*EXERCISE DETAILS*: The records below need to be set down again exactly; their images stay out.

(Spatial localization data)
________________

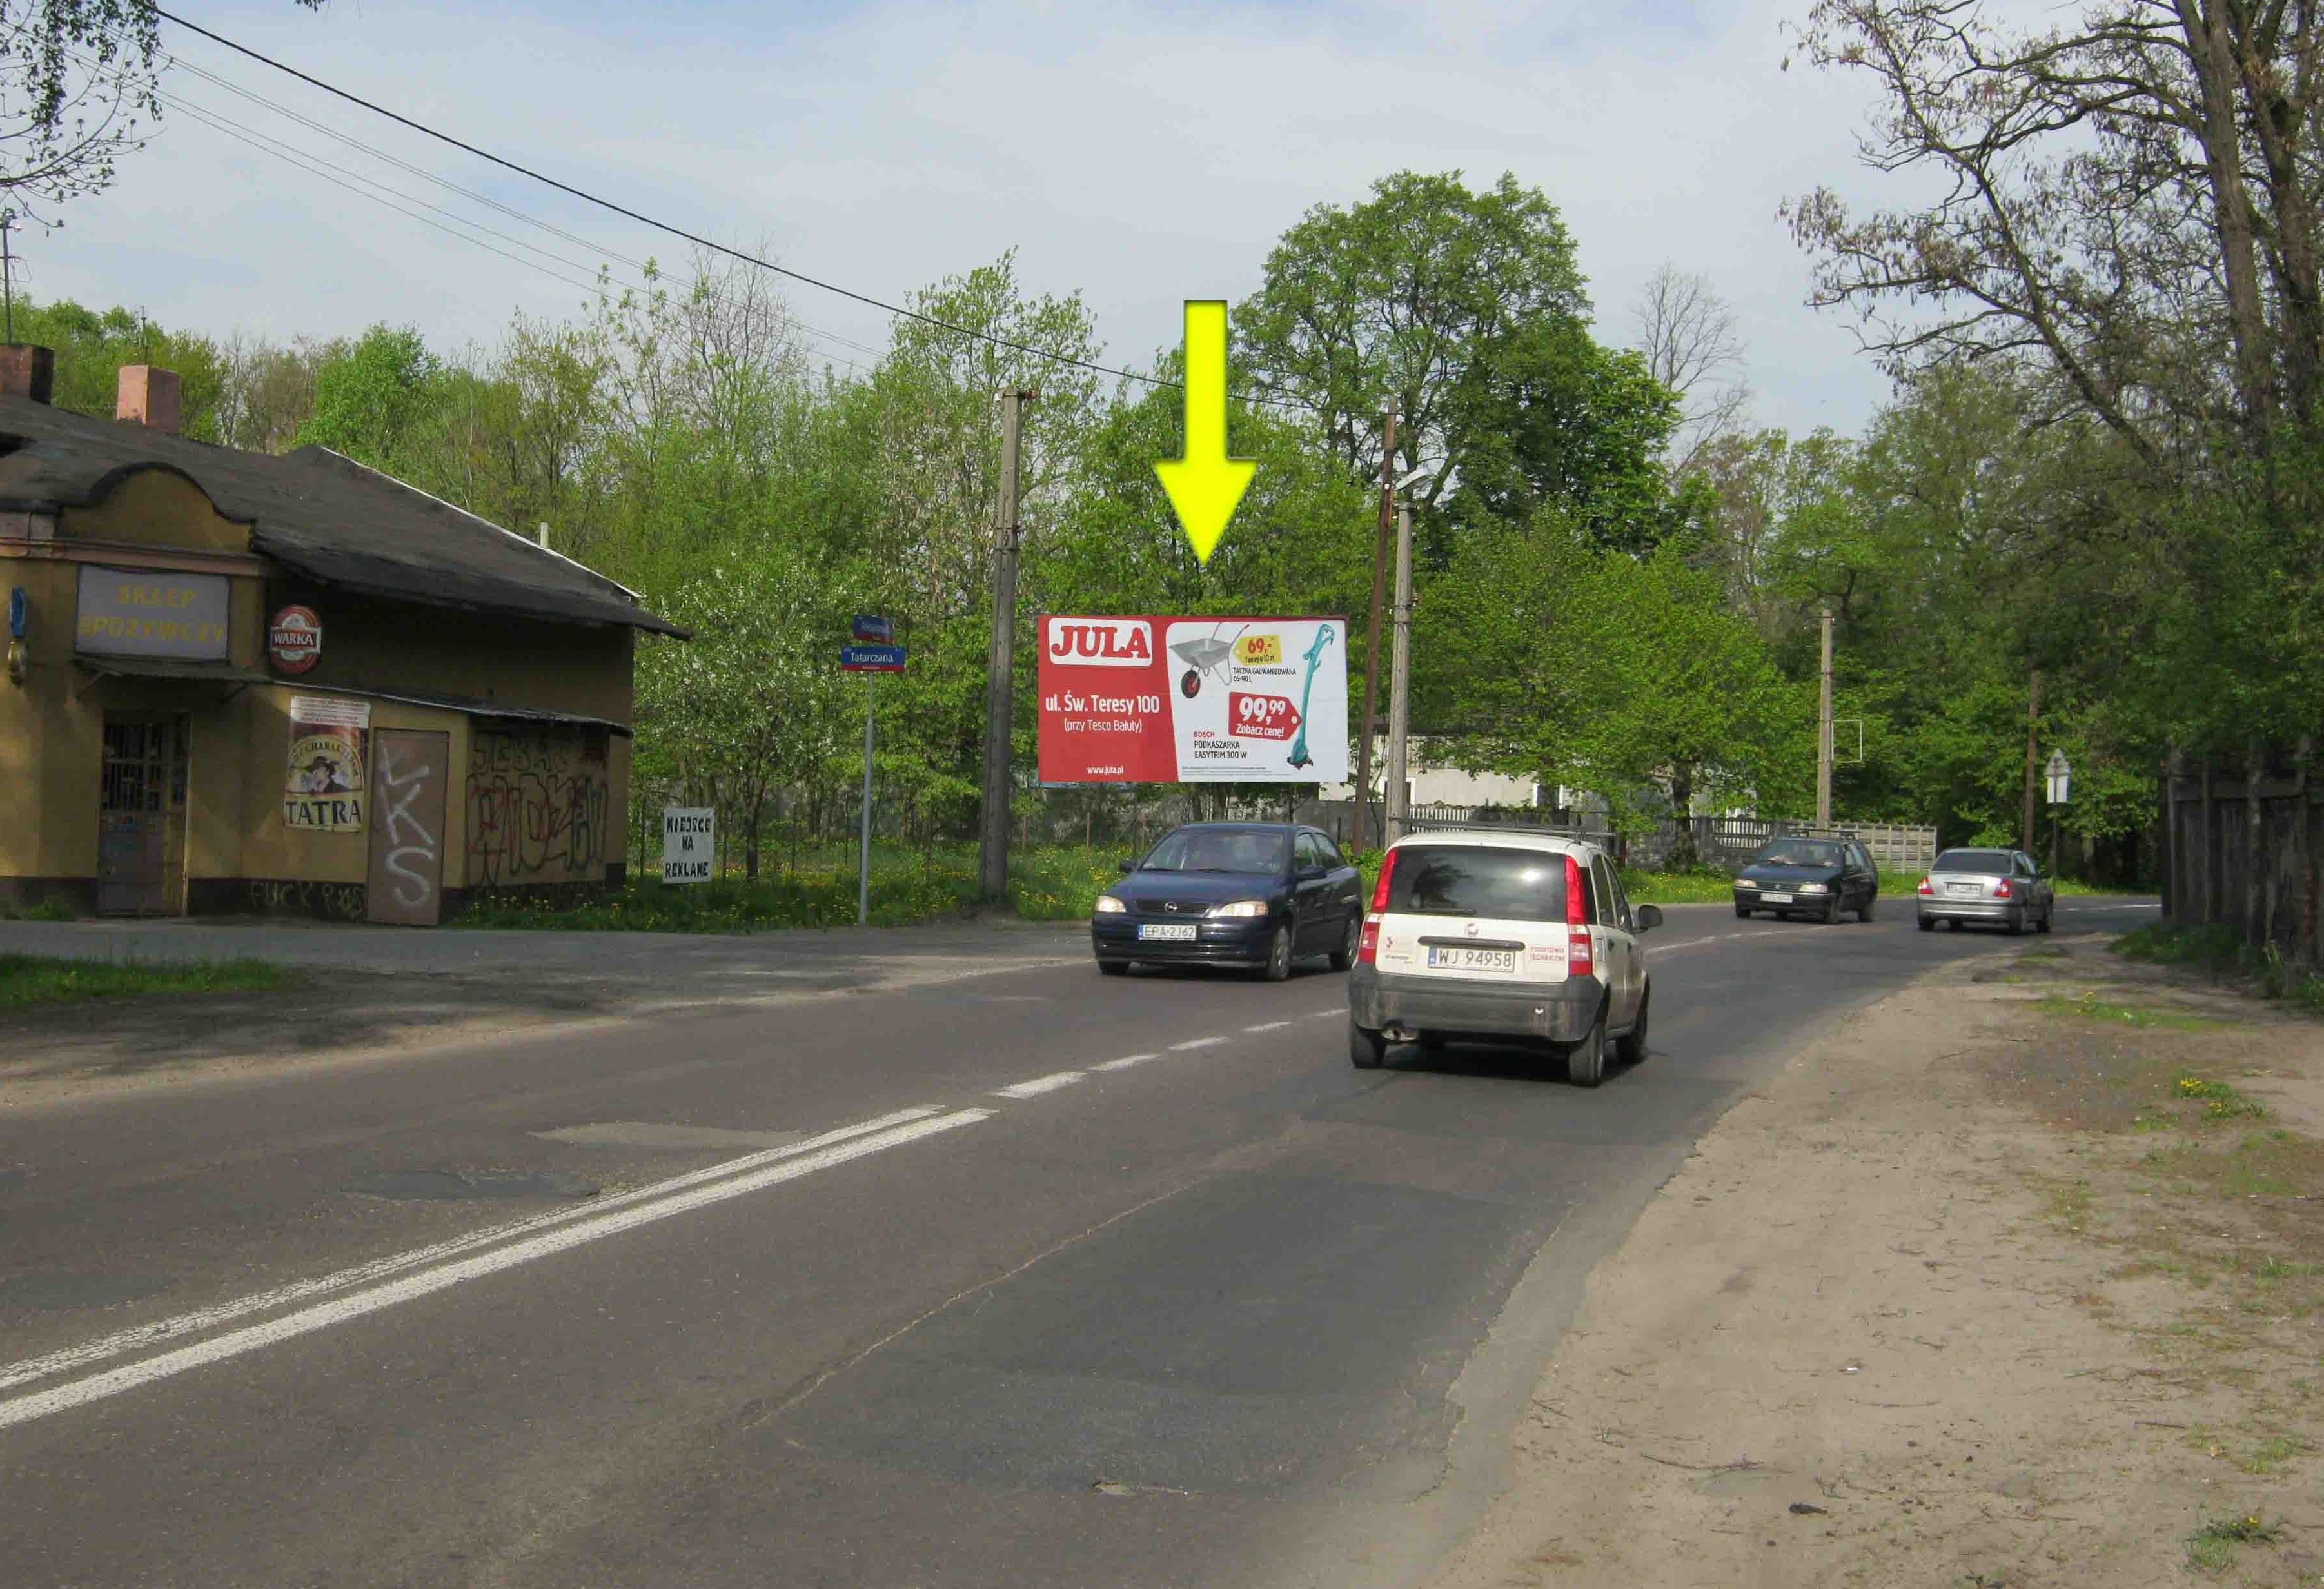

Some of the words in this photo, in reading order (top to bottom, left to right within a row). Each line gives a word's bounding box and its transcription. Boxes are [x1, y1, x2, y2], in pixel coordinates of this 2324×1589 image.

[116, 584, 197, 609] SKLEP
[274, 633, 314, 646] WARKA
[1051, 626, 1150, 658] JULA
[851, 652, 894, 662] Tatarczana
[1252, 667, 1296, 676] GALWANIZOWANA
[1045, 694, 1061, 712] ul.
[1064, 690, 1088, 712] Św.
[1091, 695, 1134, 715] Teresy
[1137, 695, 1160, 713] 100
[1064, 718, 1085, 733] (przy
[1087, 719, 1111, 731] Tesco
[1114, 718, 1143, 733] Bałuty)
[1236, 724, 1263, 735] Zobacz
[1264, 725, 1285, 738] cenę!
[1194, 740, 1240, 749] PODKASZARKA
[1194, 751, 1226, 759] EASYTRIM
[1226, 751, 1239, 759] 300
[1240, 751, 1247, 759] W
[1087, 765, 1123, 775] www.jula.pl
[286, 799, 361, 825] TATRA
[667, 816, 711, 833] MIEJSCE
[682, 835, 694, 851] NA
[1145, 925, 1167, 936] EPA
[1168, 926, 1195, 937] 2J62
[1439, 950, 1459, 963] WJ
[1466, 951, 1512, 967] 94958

________________

*YOUR SOLUTION*:
Some of the words in this photo, in reading order (top to bottom, left to right within a row). Each line gives a word's bounding box and its transcription. Boxes are [x1, y1, x2, y2], in pixel coordinates of this 2324×1589 image.

[116, 584, 197, 609] SKLEP
[274, 633, 314, 646] WARKA
[1051, 626, 1150, 658] JULA
[851, 652, 894, 662] Tatarczana
[1252, 667, 1296, 676] GALWANIZOWANA
[1045, 694, 1061, 712] ul.
[1064, 690, 1088, 712] Św.
[1091, 695, 1134, 715] Teresy
[1137, 695, 1160, 713] 100
[1064, 718, 1085, 733] (przy
[1087, 719, 1111, 731] Tesco
[1114, 718, 1143, 733] Bałuty)
[1236, 724, 1263, 735] Zobacz
[1264, 725, 1285, 738] cenę!
[1194, 740, 1240, 749] PODKASZARKA
[1194, 751, 1226, 759] EASYTRIM
[1226, 751, 1239, 759] 300
[1240, 751, 1247, 759] W
[1087, 765, 1123, 775] www.jula.pl
[286, 799, 361, 825] TATRA
[667, 816, 711, 833] MIEJSCE
[682, 835, 694, 851] NA
[1145, 925, 1167, 936] EPA
[1168, 926, 1195, 937] 2J62
[1439, 950, 1459, 963] WJ
[1466, 951, 1512, 967] 94958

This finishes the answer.